Grammar Girl spends some time today on the distinction some writers and editors maintain between like and such as. She generally supports the distinction, but I must, with regret, dissent.*

In fact, she undermines her own argument by presenting sentences exemplifying the distinction and then adding two in which it is impossible to determine which sense is intended. Or see how the meaning is altered.

Perhaps you have ever so much more time than I do in editing and can enjoy the leisure of maintaining gossamer distinctions. Or of sexing butterflies. For my part, I consider like and such as to be interchangeable, and I leave them as I find them.
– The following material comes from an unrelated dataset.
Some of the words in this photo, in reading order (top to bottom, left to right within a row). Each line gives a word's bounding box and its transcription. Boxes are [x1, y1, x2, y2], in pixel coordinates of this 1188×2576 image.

*Quoting Merriam-Webster’s Dictionary of English Usage in a previous post, I challenged readers to mark the distinction in a set of sentences. Predictably, they could not agree.
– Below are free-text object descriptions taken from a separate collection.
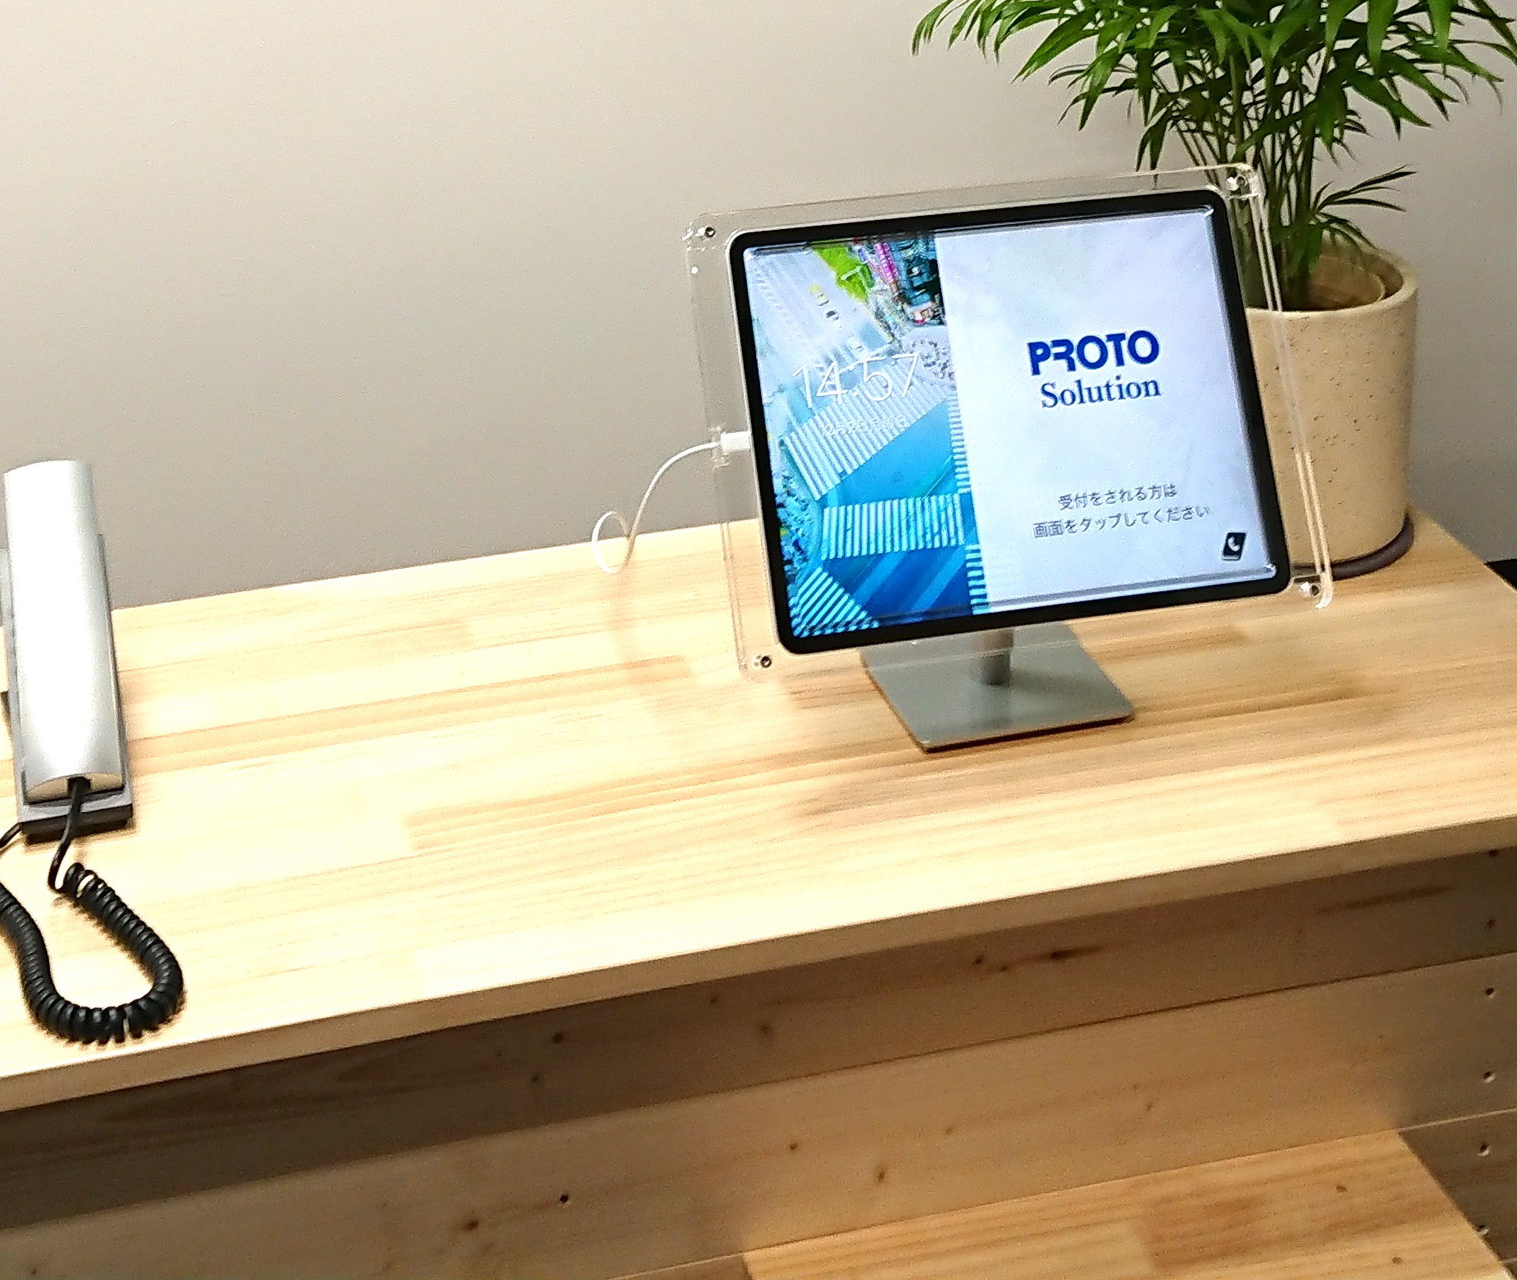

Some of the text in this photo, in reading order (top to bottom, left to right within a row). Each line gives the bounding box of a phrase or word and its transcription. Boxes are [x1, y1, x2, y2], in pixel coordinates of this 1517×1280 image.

[1027, 330, 1160, 376] PROTO
[793, 353, 919, 409] 14:57
[1040, 374, 1162, 409] Solution
[1057, 483, 1178, 511] 受付をされる方は
[1033, 505, 1211, 538] 画面をタップしてください
Posted by John McIntyre at 1:56 PM | | Comments (6)


I like (meaning "have a preference for") using both interchangeably to avoid situations when I might use one or the other twice in a paragraph.
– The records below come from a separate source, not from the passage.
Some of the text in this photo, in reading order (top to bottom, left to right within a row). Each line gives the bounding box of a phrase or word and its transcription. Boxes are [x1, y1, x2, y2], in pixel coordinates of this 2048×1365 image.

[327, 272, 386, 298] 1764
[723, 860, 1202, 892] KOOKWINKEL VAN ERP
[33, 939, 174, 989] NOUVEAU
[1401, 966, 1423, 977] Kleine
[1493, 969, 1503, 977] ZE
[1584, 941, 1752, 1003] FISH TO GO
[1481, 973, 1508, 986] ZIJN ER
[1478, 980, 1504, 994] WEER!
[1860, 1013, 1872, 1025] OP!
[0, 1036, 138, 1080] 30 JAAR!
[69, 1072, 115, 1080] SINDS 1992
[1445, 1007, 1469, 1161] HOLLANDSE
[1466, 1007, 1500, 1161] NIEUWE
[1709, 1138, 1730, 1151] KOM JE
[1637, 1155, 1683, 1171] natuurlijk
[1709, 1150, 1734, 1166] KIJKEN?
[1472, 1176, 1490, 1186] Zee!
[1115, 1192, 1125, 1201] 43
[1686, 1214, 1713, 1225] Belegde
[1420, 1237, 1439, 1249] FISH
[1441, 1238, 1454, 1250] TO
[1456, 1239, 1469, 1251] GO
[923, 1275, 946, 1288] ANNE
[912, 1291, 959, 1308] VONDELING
Shouldn't the art of editing allow for things like/such asc ommon sense and the way people speak? I seriously doubt there is much sexing of butterflies going on in newsrooms nowadays. When it comes to this, nor should there be.

The discordance caused by the sound of a valley girl using "such as" instead of "like" is all that came to mind upon reading this post.

As with this, sometimes sexing butterflies is downright simple (as with tiger swallowtails, for instance), sometimes calls for a sharp eye (monarchs), sometimes can't be done without a DNA sequencer (mourning cloaks or red admirals).

When it matters, I really doubt people err. When it doesn't, I really doubt it's an error.

I think the distinction must remain. Can you imagine today's teens saying, "But, such as, he was saying, such as, he *such as'd* you!

Since I respect your opinion (and we often agree), I always take your criticism to heart.

Your position seems to be that not all style guides make a distinction between "like" and "such as," time is short when editing, and there are instances where it doesn't matter which one you use--so it makes sense to let this one slide.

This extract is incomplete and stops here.